Time and again, against a seemingly chaotic backdrop, I have found myself defaulting to a standard MBA device—the 2×2 matrix—in an attempt to extract signal from noise. Another tic is to populate the matrix cells with sharks, orcas, sea lions, and dolphins (mapping stakeholder engagement in the mid-1990s) or locusts, caterpillars, butterflies, and honeybees (when exploring 21st-century economic models as the new millennium launched). There’s method to the apparent madness, however, in that the visuals can help engage a wider audience.
So here I go again—in an attempt to answer the question, “Can social entrepreneurs create the necessary large-scale change?” A simple question—and a simple answer: no.

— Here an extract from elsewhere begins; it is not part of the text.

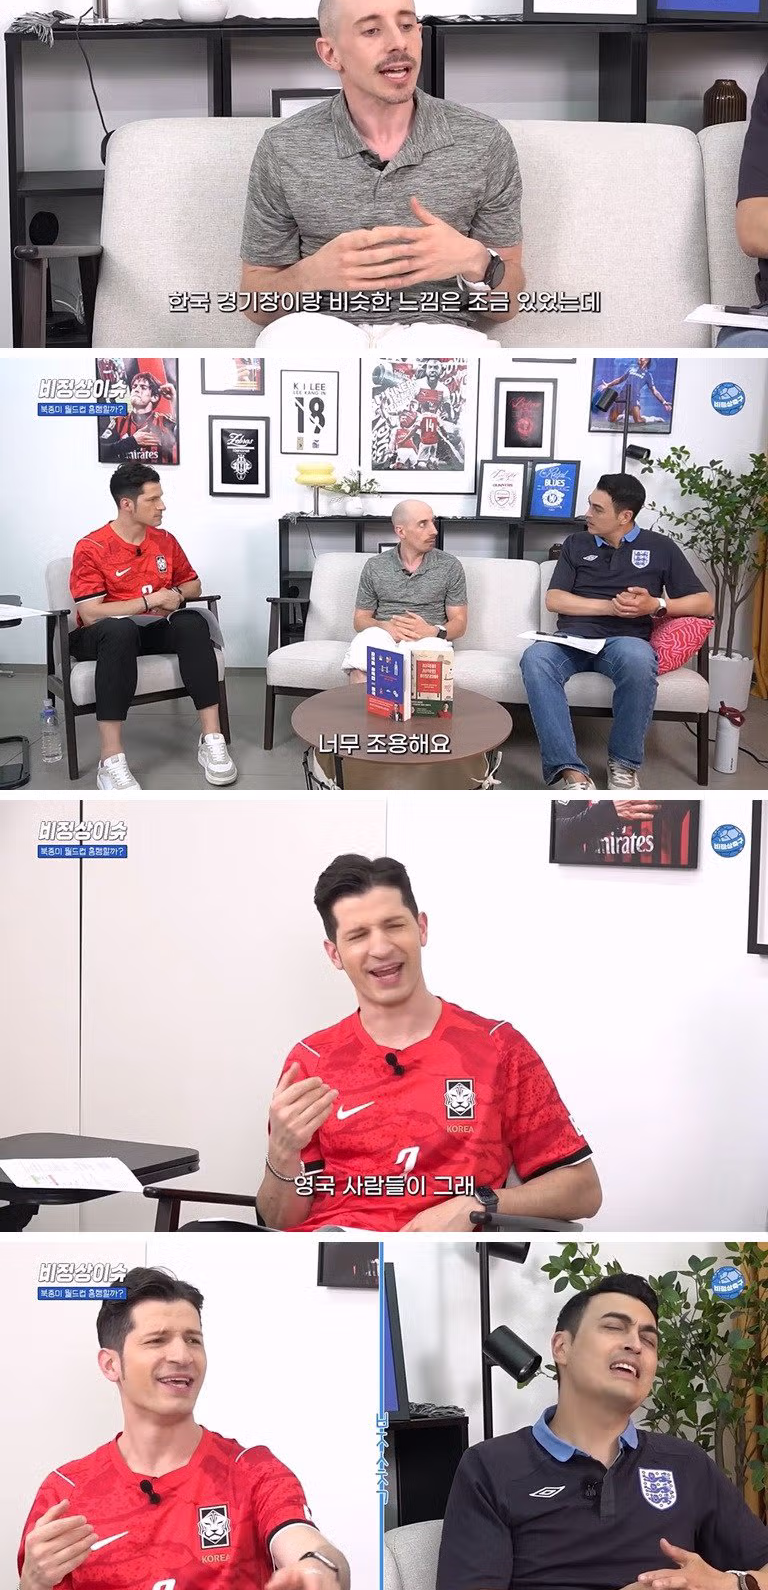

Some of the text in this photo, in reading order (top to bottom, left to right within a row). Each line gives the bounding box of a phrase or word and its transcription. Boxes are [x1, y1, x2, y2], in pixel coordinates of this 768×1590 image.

That may strike you as unexpected, misguided, unfair, or even schizoid, given that I have spent so much of the past decade working with—and celebrating—social entrepreneurs and their intrapreneurial cousins within mainstream companies.
Don’t get me wrong; I still believe that, in the right circumstances, many of these extraordinary innovators, entrepreneurs and investors will drive potentially transformative solutions to scale. But the fact is that our current trajectory simply won’t take us to where we need to be by 2050.
And, yes, I admit it; I have followed the standard politician’s ploy of changing the question asked to one I wanted to answer. The key word that I quietly added to the McKinsey question is necessary. Necessary is a slippery word, its meaning morphing over time.
Once they have gained traction, no question, social entrepreneurs like Muhammad Yunus of the Grameen Bank, Fazle Hasan Abed of BRAC, Dr. G. Venkataswamy of Aravind Eye Care System, Wangari Maathai of the Greenbelt Movement, or Tim Smit of the Eden Project can move mountains. But generally the benefits they provide are far from ubiquitous even in their own countries, let alone globally.
The uncomfortable truth is that the nature and scale of the economic, social, environmental, and governance challenges we face are unparalleled. Humanity is headed towards 9 billion people by midcentury, with more than half of our species already concentrated in seething urban areas—and billions more destined to follow. Add to that the growing risks related to abrupt climate change; pandemics; and energy, water, and food security. Expecting social entrepreneurs to solve these problems is both unrealistic and a misreading of the real value they bring to bear.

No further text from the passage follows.